# Exercise prompt
The data below is to be written out exactly, with no pictures.
....................
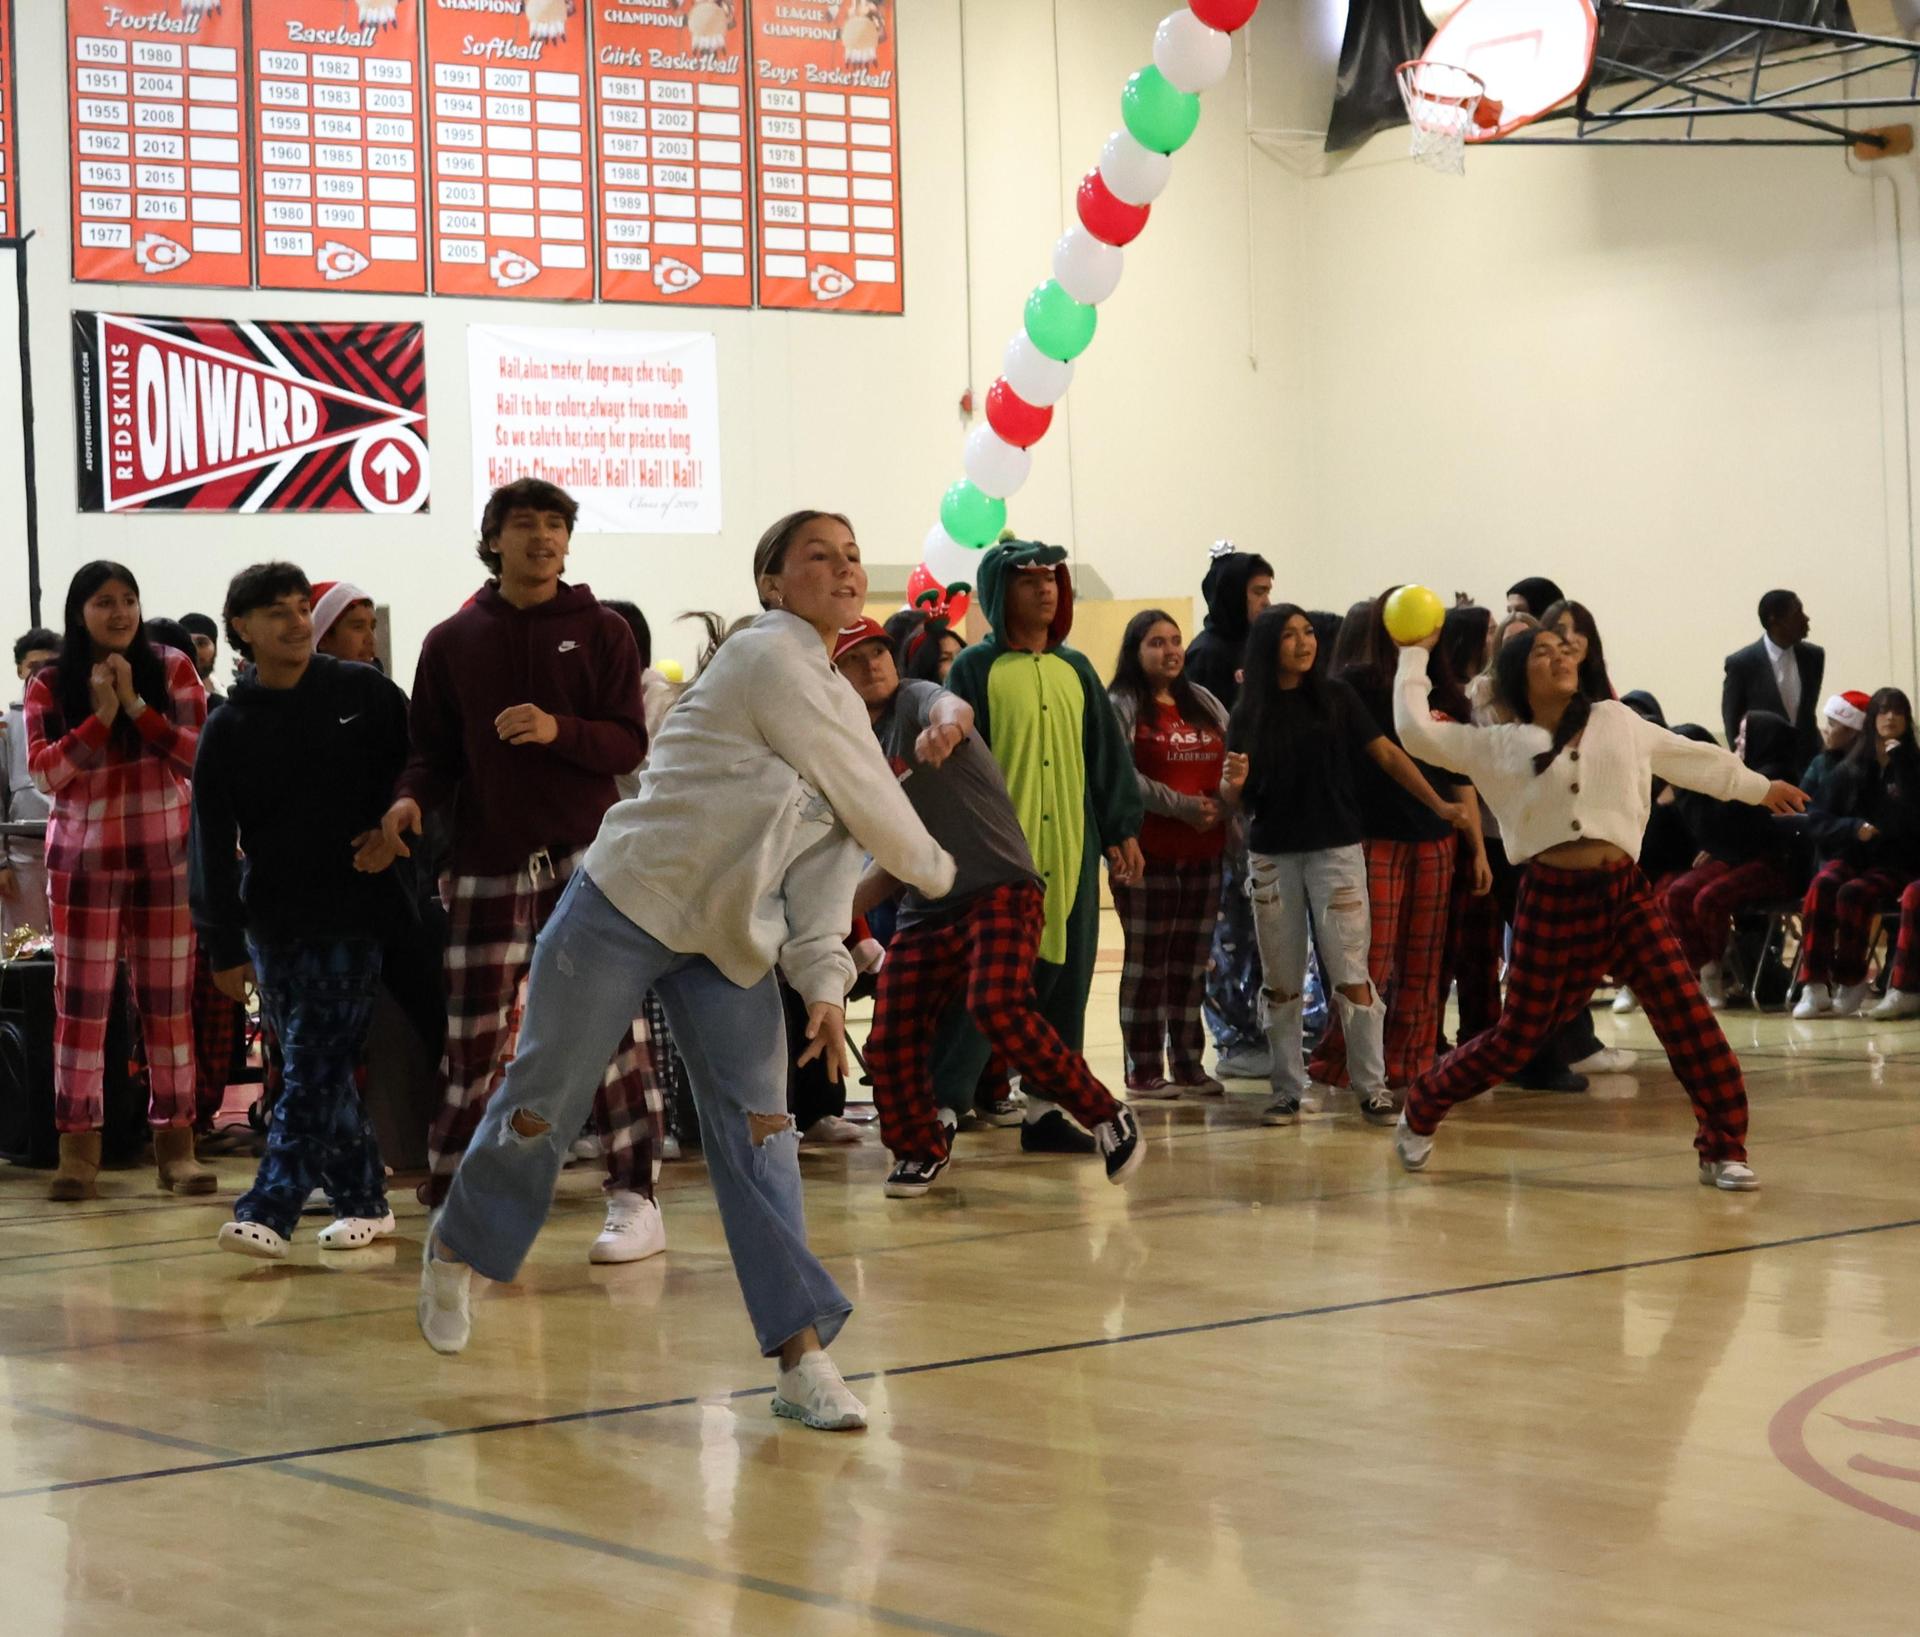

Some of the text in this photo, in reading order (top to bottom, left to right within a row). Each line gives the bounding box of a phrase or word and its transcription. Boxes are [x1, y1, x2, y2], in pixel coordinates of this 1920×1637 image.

[104, 6, 201, 34] Football
[776, 5, 825, 21] LEAGUE
[286, 19, 376, 48] Baseball
[85, 42, 173, 63] 1950 1980
[462, 34, 543, 61] Softball
[267, 56, 403, 79] 1920 1982 1993
[600, 44, 739, 73] Girls Basketball
[85, 73, 174, 92] 1951 2004
[442, 69, 524, 88] 1991 2007
[758, 59, 891, 88] Boys Basketball
[268, 85, 405, 108] 1958 1983 2003
[608, 82, 686, 99] 1981 2001
[443, 98, 525, 117] 1994 2018
[766, 93, 794, 107] 1974
[87, 104, 175, 124] 1955 2008
[609, 109, 688, 127] 1982 2002
[269, 116, 405, 137] 1959 1984 2010
[444, 127, 474, 141] 1995
[767, 120, 796, 135] 1975
[87, 135, 176, 155] 1962 2012
[610, 138, 688, 156] 1987 2003
[270, 145, 407, 167] 1960 1985 2015
[445, 156, 475, 171] 1996
[768, 148, 796, 162] 1978
[88, 167, 175, 185] 1963 2015
[611, 167, 688, 183] 1988 2004
[769, 176, 796, 190] 1981
[271, 176, 354, 193] 1977 1989
[445, 186, 476, 201] 2003
[88, 197, 178, 214] 1967 2016
[612, 196, 642, 210] 1989
[770, 204, 797, 218] 1982
[271, 206, 355, 222] 1980 1990
[446, 215, 477, 229] 2004
[89, 227, 123, 242] 1977
[613, 224, 643, 237] 1997
[272, 236, 303, 250] 1981
[447, 244, 478, 258] 2005
[614, 252, 642, 266] 1998
[586, 359, 609, 387] long
[612, 364, 633, 388] may
[636, 360, 654, 382] she
[657, 361, 683, 389] reign
[111, 343, 134, 480] REDSKINS
[137, 344, 319, 481] ONWARD
[497, 393, 518, 416] Hail
[521, 395, 532, 416] to
[535, 393, 551, 416] her
[629, 397, 650, 418] true
[653, 398, 688, 420] remain
[496, 424, 509, 446] So
[512, 430, 526, 446] we
[529, 425, 561, 447] salute
[609, 426, 625, 448] her
[629, 427, 666, 454] praises
[669, 427, 691, 455] long
[488, 456, 512, 486] Hail
[606, 458, 629, 487] Hail
[639, 459, 662, 487] Hail
[673, 459, 696, 488] Hail
....................
# Written response
Some of the text in this photo, in reading order (top to bottom, left to right within a row). Each line gives the bounding box of a phrase or word and its transcription. Boxes are [x1, y1, x2, y2], in pixel coordinates of this 1920×1637 image.

[104, 6, 201, 34] Football
[776, 5, 825, 21] LEAGUE
[286, 19, 376, 48] Baseball
[85, 42, 173, 63] 1950 1980
[462, 34, 543, 61] Softball
[267, 56, 403, 79] 1920 1982 1993
[600, 44, 739, 73] Girls Basketball
[85, 73, 174, 92] 1951 2004
[442, 69, 524, 88] 1991 2007
[758, 59, 891, 88] Boys Basketball
[268, 85, 405, 108] 1958 1983 2003
[608, 82, 686, 99] 1981 2001
[443, 98, 525, 117] 1994 2018
[766, 93, 794, 107] 1974
[87, 104, 175, 124] 1955 2008
[609, 109, 688, 127] 1982 2002
[269, 116, 405, 137] 1959 1984 2010
[444, 127, 474, 141] 1995
[767, 120, 796, 135] 1975
[87, 135, 176, 155] 1962 2012
[610, 138, 688, 156] 1987 2003
[270, 145, 407, 167] 1960 1985 2015
[445, 156, 475, 171] 1996
[768, 148, 796, 162] 1978
[88, 167, 175, 185] 1963 2015
[611, 167, 688, 183] 1988 2004
[769, 176, 796, 190] 1981
[271, 176, 354, 193] 1977 1989
[445, 186, 476, 201] 2003
[88, 197, 178, 214] 1967 2016
[612, 196, 642, 210] 1989
[770, 204, 797, 218] 1982
[271, 206, 355, 222] 1980 1990
[446, 215, 477, 229] 2004
[89, 227, 123, 242] 1977
[613, 224, 643, 237] 1997
[272, 236, 303, 250] 1981
[447, 244, 478, 258] 2005
[614, 252, 642, 266] 1998
[586, 359, 609, 387] long
[612, 364, 633, 388] may
[636, 360, 654, 382] she
[657, 361, 683, 389] reign
[111, 343, 134, 480] REDSKINS
[137, 344, 319, 481] ONWARD
[497, 393, 518, 416] Hail
[521, 395, 532, 416] to
[535, 393, 551, 416] her
[629, 397, 650, 418] true
[653, 398, 688, 420] remain
[496, 424, 509, 446] So
[512, 430, 526, 446] we
[529, 425, 561, 447] salute
[609, 426, 625, 448] her
[629, 427, 666, 454] praises
[669, 427, 691, 455] long
[488, 456, 512, 486] Hail
[606, 458, 629, 487] Hail
[639, 459, 662, 487] Hail
[673, 459, 696, 488] Hail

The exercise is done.